Anton is an open-source AI coworker that executes tasks, connects to your tools and data, remembers lessons, and improves its workflows over time. The "remembers" part is what this section is about — and it works differently from most AI tools.

Anton's memory is plain markdown files on your disk. There is no opaque database, no cloud sync, no embedding store you can't inspect. Open the files in any editor, read what Anton knows, fix anything it got wrong, or delete what you don't want it to keep. Memory you can read is memory you can trust.

Two scopes

Anton keeps memory at two levels:

ScopeLocationWhat lives there
Global~/.anton/memory/Knowledge about you and the world — your identity and preferences, universal rules and lessons that apply everywhere. The skill library lives alongside it at ~/.anton/skills/.
Project.anton/memory/ in each workspaceKnowledge about this workspace — project-specific rules, lessons learned while working here, and session logs.

When you chat with Anton, both scopes are loaded automatically. A lesson learned in one project stays in that project; a lesson about an API rate limit that applies everywhere gets saved globally.

What gets remembered

KindStored inExample
Identity / profile~/.anton/memory/profile.mdYour name, timezone, preferred tools, communication style. Global only — identity is singular.
Rulesmemory/rules.mdThings to always do, never do, or do when a condition applies — "Always use httpx instead of requests."
Lessonsmemory/lessons.mdFacts discovered while working — "CoinGecko free tier rate-limits at ~50 req/min."
Topicsmemory/topics/*.mdDeeper notes organized per subject, loaded on demand when relevant.
Episodes.anton/episodes/*.jsonlA full timestamped log of every session — what you asked, what Anton did, what came back.
Skills~/.anton/skills/Reusable step-by-step procedures — "how to summarize a CSV end-to-end." Shared across all projects.

How memories get written

You never have to manage memory by hand (though you always can). Anton writes its own memory three ways:

  1. While it works. Anton saves facts, rules, and profile details it judges worth keeping as the conversation happens — or immediately when you say something like "remember: always use httpx."
  2. From its mistakes. When code Anton runs hits errors, a background pass reviews what went wrong after your answer is delivered and writes a generalizable lesson so the same trap is avoided next time.
  3. By reviewing its own sessions. After a substantial work session ends, Anton replays it in the background and extracts durable rules and lessons from what happened.

Memory modes

A memory mode controls how freely Anton saves:

ModeBehavior
Autopilot (default)Anton decides what to remember — no confirmations.
Co-pilotSaves the obvious, asks you to confirm the ambiguous. Confirmations only ever appear after you've received your full answer, never in the middle of work.
OffNever saves anything new. Still reads existing memory.

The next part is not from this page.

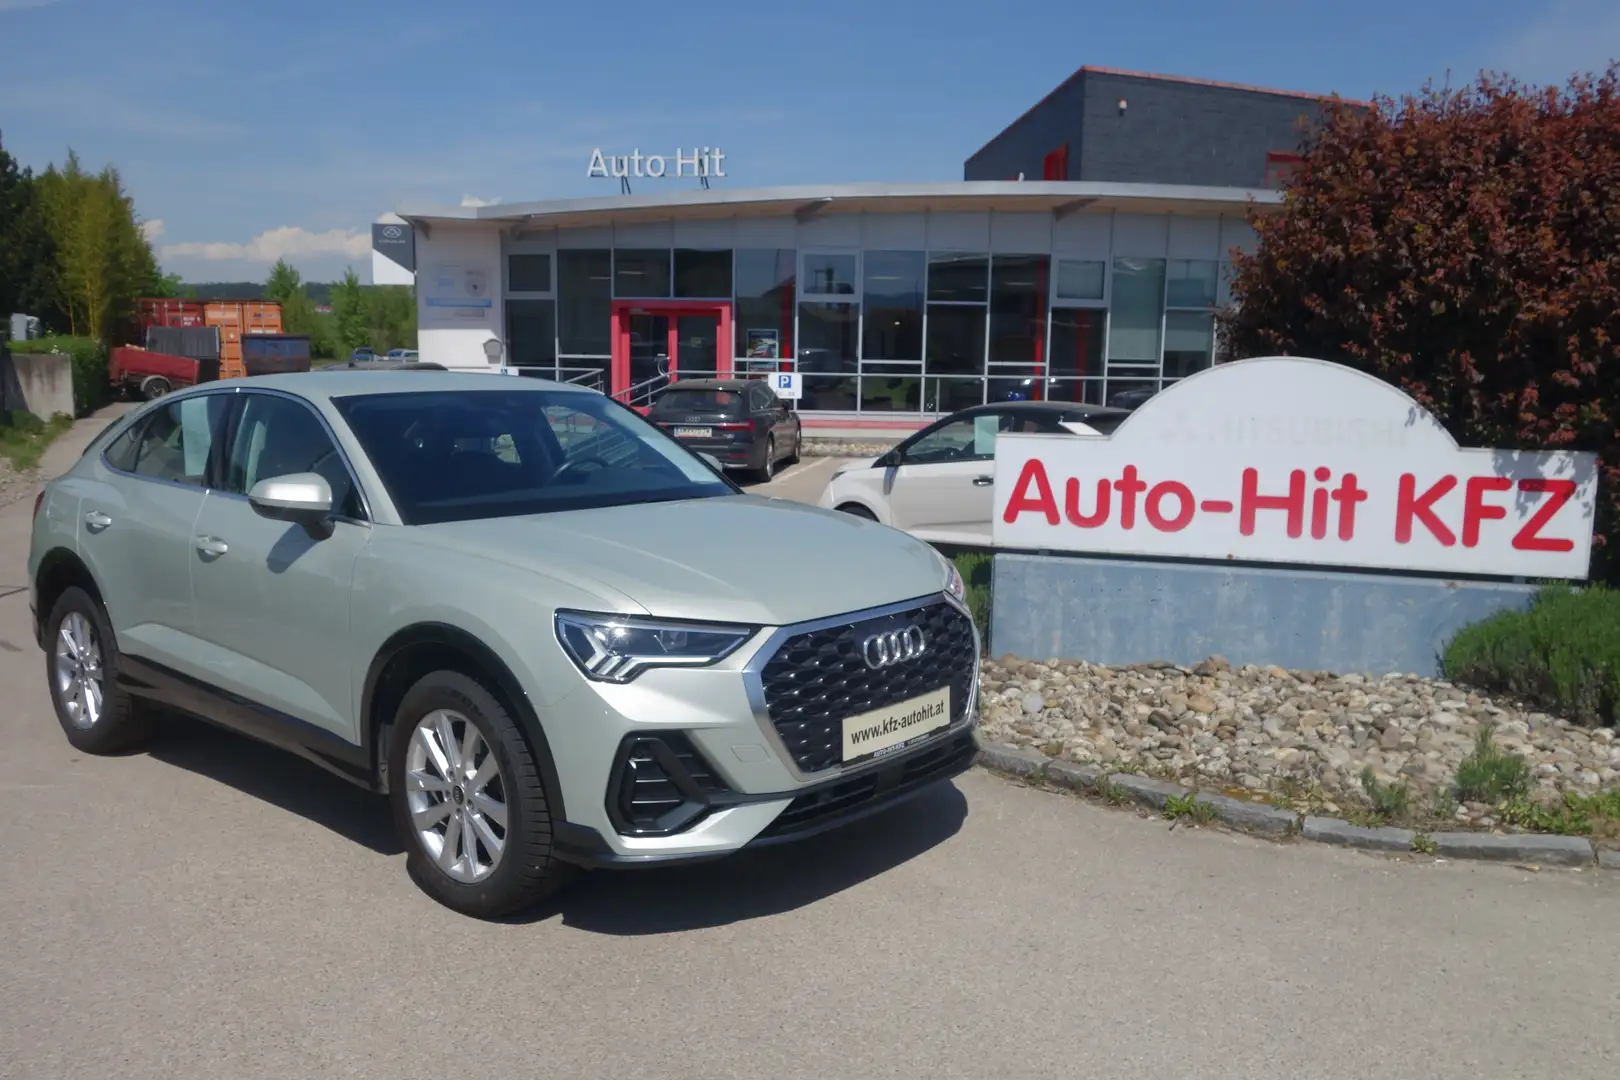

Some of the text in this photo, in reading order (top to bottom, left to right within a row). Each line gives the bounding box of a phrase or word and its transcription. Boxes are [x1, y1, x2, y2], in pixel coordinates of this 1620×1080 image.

[587, 146, 726, 177] Auto Hit
[781, 375, 790, 388] P
[1003, 458, 1576, 552] Auto-Hit KFZ
[851, 699, 944, 745] www.kfz-autohit.at

Change the mode via /setup and choose Memory, or set the ANTON_MEMORY_MODE environment variable (autopilot, copilot, or off).

Inspecting memory anytime

Run /memory in chat for a status dashboard — entry counts per scope, your identity summary, topics, and episodic memory status. Sub-commands let you list, edit, and delete individual entries; see Lessons and rules. And since everything is markdown, you can always just open the files.

The rest of this section

  • Lessons and rules — the rule and lesson files, how entries look, and how to manage them from chat.
  • Skills — saving whole procedures Anton can reuse across projects.
  • Episodes and recall — the session archive and how Anton searches its own history.
  • Project contextanton.md, the one file that's yours alone.
  • The learnings command — the legacy learning store and its automatic migration.